(Entries supplied begins)
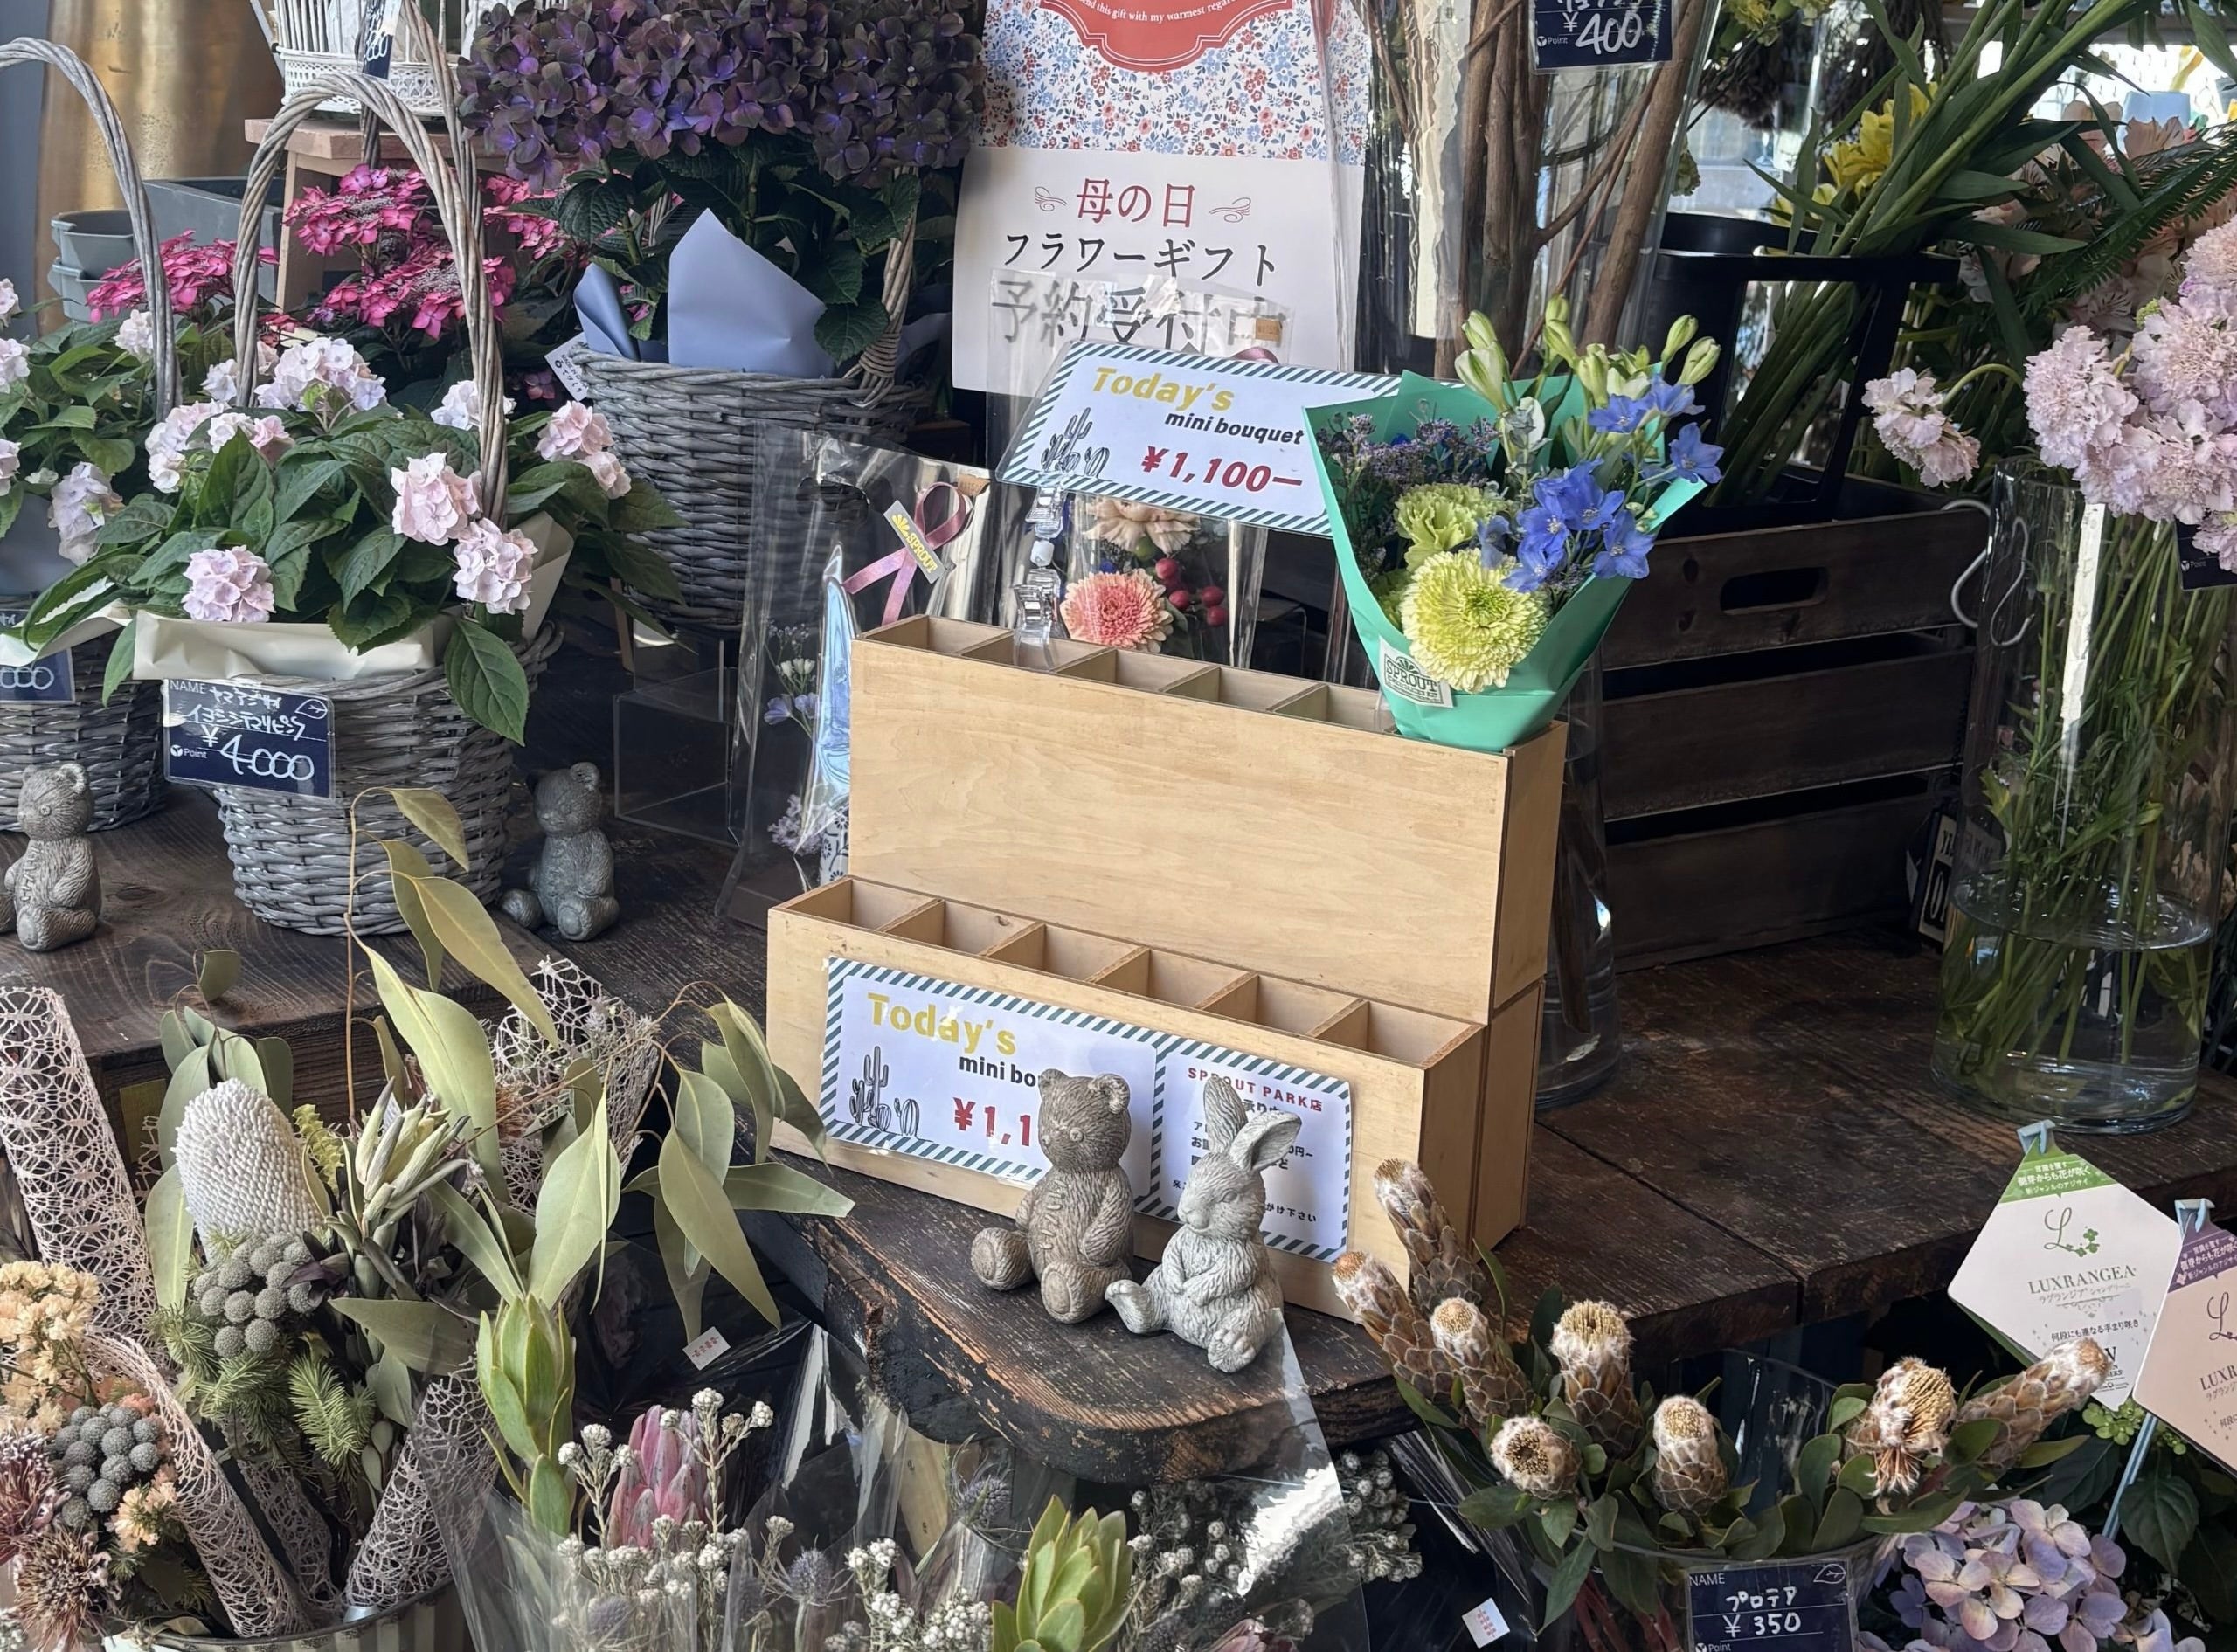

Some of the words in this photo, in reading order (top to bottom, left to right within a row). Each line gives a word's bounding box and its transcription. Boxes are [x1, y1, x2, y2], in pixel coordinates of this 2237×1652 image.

[1097, 3, 1112, 15] this
[1112, 8, 1126, 19] gift
[1127, 12, 1148, 22] with
[1150, 13, 1166, 24] my
[1167, 8, 1206, 22] warmest
[1575, 10, 1643, 54] 400
[1077, 178, 1195, 227] 母の日
[1005, 232, 1276, 287] フラワーギフト
[1092, 367, 1235, 411] Today's
[1164, 411, 1215, 433] mini
[1219, 417, 1304, 446] bouquet
[906, 532, 938, 574] SPROUT
[170, 681, 206, 695] NAME
[1386, 660, 1438, 693] SPROUT
[184, 748, 207, 759] Point
[219, 734, 315, 781] 4000
[868, 992, 1017, 1055] Today's
[959, 1056, 1004, 1080] mini
[1010, 1064, 1037, 1087] bo
[2027, 1264, 2136, 1295] LUXRANGEA
[1688, 1573, 1726, 1586] NAME
[1725, 1586, 1798, 1613] プロテア
[1753, 1611, 1802, 1636] 350
[1708, 1642, 1732, 1652] Point
(Entries supplied ends)
**Action item:** Since the copy must contain no pictures, return only the text of the records, exactly as it stands.

**Solved problem:**
Some of the words in this photo, in reading order (top to bottom, left to right within a row). Each line gives a word's bounding box and its transcription. Boxes are [x1, y1, x2, y2], in pixel coordinates of this 2237×1652 image.

[1097, 3, 1112, 15] this
[1112, 8, 1126, 19] gift
[1127, 12, 1148, 22] with
[1150, 13, 1166, 24] my
[1167, 8, 1206, 22] warmest
[1575, 10, 1643, 54] 400
[1077, 178, 1195, 227] 母の日
[1005, 232, 1276, 287] フラワーギフト
[1092, 367, 1235, 411] Today's
[1164, 411, 1215, 433] mini
[1219, 417, 1304, 446] bouquet
[906, 532, 938, 574] SPROUT
[170, 681, 206, 695] NAME
[1386, 660, 1438, 693] SPROUT
[184, 748, 207, 759] Point
[219, 734, 315, 781] 4000
[868, 992, 1017, 1055] Today's
[959, 1056, 1004, 1080] mini
[1010, 1064, 1037, 1087] bo
[2027, 1264, 2136, 1295] LUXRANGEA
[1688, 1573, 1726, 1586] NAME
[1725, 1586, 1798, 1613] プロテア
[1753, 1611, 1802, 1636] 350
[1708, 1642, 1732, 1652] Point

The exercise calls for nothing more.